Según los datos informados por la empresa, desde el puerto de San Benito se embarca cerca del 5% del comercio mundial de harina de soja y alrededor del 4% del comercio mundial de aceite de soja.
Otro de los acontecimientos posteriores al cierre del trimestre ocurrió el 29 de julio, cuando la Asamblea de Accionistas aprobó el destino de la mayor parte de las ganancias correspondientes al ejercicio finalizado el 31 de marzo.
Los fondos fueron asignados principalmente a una reserva para una futura distribución de utilidades. El directorio quedó facultado para disponer de esos recursos y avanzar con el pago de dividendos durante el ejercicio que terminará en marzo de 2027.
La decisión se tomó luego de un ejercicio en el que la compañía mantuvo una elevada actividad industrial y exportadora.
Los números del primer trimestre muestran así una empresa que logró mejorar sus márgenes y rentabilidad aun con un volumen físico ligeramente inferior al del año pasado.
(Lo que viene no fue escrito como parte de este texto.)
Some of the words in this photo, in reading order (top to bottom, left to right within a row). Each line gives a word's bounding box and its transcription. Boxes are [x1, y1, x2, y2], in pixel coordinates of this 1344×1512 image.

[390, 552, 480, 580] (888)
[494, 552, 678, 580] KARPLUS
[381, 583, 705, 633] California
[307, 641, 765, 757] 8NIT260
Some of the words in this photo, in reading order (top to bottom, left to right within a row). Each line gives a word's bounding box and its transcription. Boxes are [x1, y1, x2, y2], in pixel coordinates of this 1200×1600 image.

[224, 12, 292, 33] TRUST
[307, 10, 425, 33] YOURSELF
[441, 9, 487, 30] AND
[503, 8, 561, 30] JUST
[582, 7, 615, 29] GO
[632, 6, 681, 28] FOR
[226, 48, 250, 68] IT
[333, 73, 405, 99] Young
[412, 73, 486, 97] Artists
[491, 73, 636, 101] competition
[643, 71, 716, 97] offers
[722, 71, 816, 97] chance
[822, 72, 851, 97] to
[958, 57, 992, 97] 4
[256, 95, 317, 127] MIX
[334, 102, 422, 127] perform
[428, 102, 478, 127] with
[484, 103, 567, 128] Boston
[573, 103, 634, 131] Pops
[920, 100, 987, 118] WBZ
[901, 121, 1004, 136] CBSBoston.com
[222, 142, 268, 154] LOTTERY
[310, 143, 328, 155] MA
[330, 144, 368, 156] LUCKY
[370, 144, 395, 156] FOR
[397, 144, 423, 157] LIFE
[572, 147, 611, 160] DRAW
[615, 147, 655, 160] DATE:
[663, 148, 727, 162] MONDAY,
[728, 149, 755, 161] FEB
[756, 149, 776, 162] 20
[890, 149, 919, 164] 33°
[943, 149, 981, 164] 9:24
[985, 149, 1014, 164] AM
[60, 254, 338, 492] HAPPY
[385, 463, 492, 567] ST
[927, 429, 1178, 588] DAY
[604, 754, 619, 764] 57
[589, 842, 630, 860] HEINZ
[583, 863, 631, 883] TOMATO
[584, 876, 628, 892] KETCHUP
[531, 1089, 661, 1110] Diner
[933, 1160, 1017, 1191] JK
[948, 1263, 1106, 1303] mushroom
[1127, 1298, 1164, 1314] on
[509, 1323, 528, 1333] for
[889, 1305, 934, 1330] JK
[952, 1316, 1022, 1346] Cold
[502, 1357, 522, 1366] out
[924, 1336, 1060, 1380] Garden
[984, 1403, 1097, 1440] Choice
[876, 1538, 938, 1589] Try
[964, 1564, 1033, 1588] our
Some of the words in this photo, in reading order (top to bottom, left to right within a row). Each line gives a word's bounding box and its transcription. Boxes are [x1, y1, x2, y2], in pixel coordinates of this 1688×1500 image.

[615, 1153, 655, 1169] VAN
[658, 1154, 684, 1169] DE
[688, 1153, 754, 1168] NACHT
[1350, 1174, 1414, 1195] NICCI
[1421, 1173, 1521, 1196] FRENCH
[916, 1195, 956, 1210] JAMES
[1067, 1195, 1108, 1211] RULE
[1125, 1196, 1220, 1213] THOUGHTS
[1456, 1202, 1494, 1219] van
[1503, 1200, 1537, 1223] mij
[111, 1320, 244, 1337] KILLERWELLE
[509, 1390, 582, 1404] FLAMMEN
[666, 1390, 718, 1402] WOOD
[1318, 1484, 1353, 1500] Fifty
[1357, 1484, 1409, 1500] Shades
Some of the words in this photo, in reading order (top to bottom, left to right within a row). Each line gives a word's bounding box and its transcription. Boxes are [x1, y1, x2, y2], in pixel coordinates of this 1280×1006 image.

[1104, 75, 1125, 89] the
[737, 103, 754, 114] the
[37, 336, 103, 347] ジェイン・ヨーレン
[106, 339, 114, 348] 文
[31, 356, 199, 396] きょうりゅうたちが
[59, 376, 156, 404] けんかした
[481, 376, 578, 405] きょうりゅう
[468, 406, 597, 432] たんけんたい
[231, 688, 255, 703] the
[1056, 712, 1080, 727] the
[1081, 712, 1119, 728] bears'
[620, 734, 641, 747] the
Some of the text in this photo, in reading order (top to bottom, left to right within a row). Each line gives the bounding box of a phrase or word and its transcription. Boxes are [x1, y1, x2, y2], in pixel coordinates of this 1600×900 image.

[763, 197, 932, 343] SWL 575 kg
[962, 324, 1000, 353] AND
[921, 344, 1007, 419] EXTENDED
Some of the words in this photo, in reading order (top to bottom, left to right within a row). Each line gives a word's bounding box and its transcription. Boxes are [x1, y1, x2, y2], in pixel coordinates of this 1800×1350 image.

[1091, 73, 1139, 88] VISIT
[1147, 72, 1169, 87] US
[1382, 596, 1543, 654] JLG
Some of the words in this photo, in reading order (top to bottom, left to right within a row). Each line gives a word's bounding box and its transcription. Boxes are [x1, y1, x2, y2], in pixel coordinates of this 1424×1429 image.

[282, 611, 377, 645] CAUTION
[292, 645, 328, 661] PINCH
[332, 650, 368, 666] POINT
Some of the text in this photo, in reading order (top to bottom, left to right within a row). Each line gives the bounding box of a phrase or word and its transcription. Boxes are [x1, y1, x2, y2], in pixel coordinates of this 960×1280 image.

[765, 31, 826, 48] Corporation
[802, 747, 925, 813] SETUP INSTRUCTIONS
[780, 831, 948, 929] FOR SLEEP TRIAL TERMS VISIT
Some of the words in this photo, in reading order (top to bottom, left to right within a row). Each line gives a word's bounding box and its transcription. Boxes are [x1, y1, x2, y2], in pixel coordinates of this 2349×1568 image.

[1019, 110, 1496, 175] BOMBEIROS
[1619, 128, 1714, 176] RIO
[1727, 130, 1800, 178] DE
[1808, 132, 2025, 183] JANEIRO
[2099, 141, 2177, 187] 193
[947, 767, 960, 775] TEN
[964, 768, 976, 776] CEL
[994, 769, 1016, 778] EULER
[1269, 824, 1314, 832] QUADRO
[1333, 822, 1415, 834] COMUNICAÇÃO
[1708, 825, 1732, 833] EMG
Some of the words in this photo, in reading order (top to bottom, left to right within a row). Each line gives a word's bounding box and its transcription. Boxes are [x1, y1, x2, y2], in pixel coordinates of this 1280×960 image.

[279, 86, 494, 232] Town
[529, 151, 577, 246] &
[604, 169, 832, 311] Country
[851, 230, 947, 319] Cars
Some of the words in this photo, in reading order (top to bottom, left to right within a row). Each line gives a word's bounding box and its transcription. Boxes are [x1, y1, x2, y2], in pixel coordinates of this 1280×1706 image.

Al mismo tiempo, la compañía avanza con un proyecto de expansión de gran escala en Santa Fe, que busca incrementar su capacidad de procesamiento y fortalecer su posición en el negocio de la industrialización y exportación de productos derivados de la soja.
El desempeño del primer trimestre combina, de esta manera, dos señales diferentes: una mejora inmediata de los resultados gracias a los márgenes de molienda y una estrategia de inversión orientada a aumentar la capacidad industrial en los próximos años.